The Future is Kid’s Stuff — Lee Edelman

Noah Terrell
Queer Theory
Published in
2 min readApr 20, 2017

Noah Terrell

20 April, 2017

The Future is Kid Stuff: Queer Theory, Disidentification, and The Death Drive, Lee Edelman

Analysis

In The Future is Kid Stuff: Queer Theory, Disidentification, and The Death Drive, Lee Edelman carefully picks apart the political futurity through which society is built on; namely through an analysis of the child in contrast to the figure of the queer. He is particularly fascinated by the politics of deference as interlocked within the development of the innocent child. In opposition to the structure of the child as the one who performs the cultural labor of ensuring futurity, Edelman posits the queer as the embodiment of the lack that the child functions to defer. The queer then is an obtrusive figure, one who embodies the instability of social fabrics, one who is unsymbolizable. Counter to liberal readings of this that would veer toward an argument of deferral from the queer body and a homogenizing inclusivity, Edelman argues it is productive to view the conservative anxieties as correct, in that the queer body does have the power to reassert the remainder of the real that destabilizes the social fabric intended to conceal them. He methodologically assesses this possibility through a discussion of the child and the radical possibilities the queer contains in their willingness to live intransitively.

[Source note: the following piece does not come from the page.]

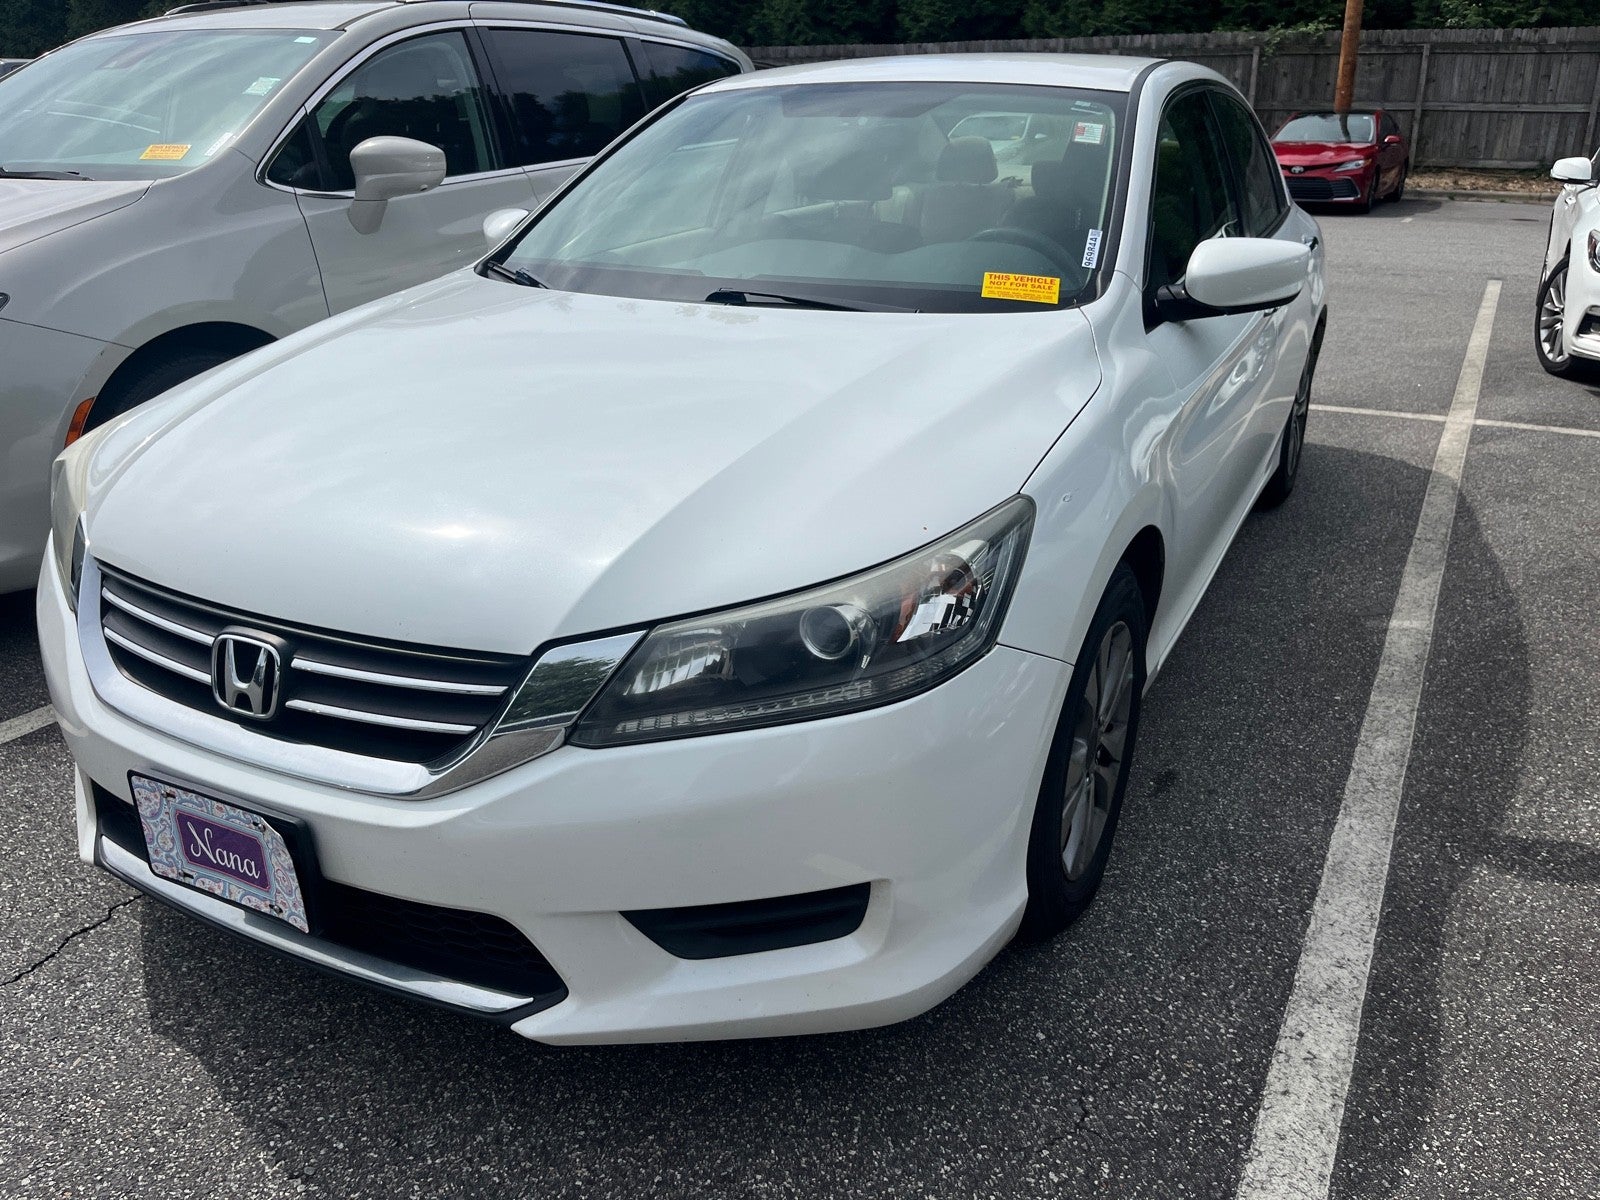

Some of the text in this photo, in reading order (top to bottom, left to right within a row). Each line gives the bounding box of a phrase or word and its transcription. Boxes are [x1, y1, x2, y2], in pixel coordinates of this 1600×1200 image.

[988, 273, 1056, 285] THIS VEHICLE
[1030, 283, 1054, 291] SALE
[187, 821, 261, 879] Nana

The child takes the place of an eternal continuity of the same, by way of an imaginary past that is assured through the future yet to come. In doing so, the child is situated as the ‘prop’ by which the teleological symbolic fabric of politics can rest upon, in assuring sameness, heterosexuality, and a deferral of the inherent lack in the signifier. In essence, the child ultimately serves to secure the fantasy of a symbolic closure in which identity and futurity ensure the continued reproduction of subjects. It further ensures the compulsory heterosexuality that is threatened by the homosexual subject who disrupts the narrative of futurity which the child legitimizes as being what is at stake in reproductivity of relationships.

Counter to this is the figure of the queer, which Edelman contends to exist as a figure of pure negativity, and that the queer ought to endorse and embody this lack. He argues that the queer as a figure of Lacanian Jouissance has two options: to displace the rupture of the symbolic fabric, or embody the remainder of the real produced by what the signifying chain is barred from articulating. He insists on the latter of the two options in an opposition to the politics of opposition; in order to disrupt the injunction the repetitive politics of the signifier puts on closing the very gap it opens thereby ensuring the continuation of a politic of reproduction formative of the cult of the child that continually postpones encountering the gap it produces. Therefore in saying no to the future, in endorsing living intransitively one recognizes the toxicity the future contains destabilizing the narrative existing social fabrics endorse and opening queer possibilities. Edelman argues this for the adults that the country is intended for, for the potential of a queer moment now.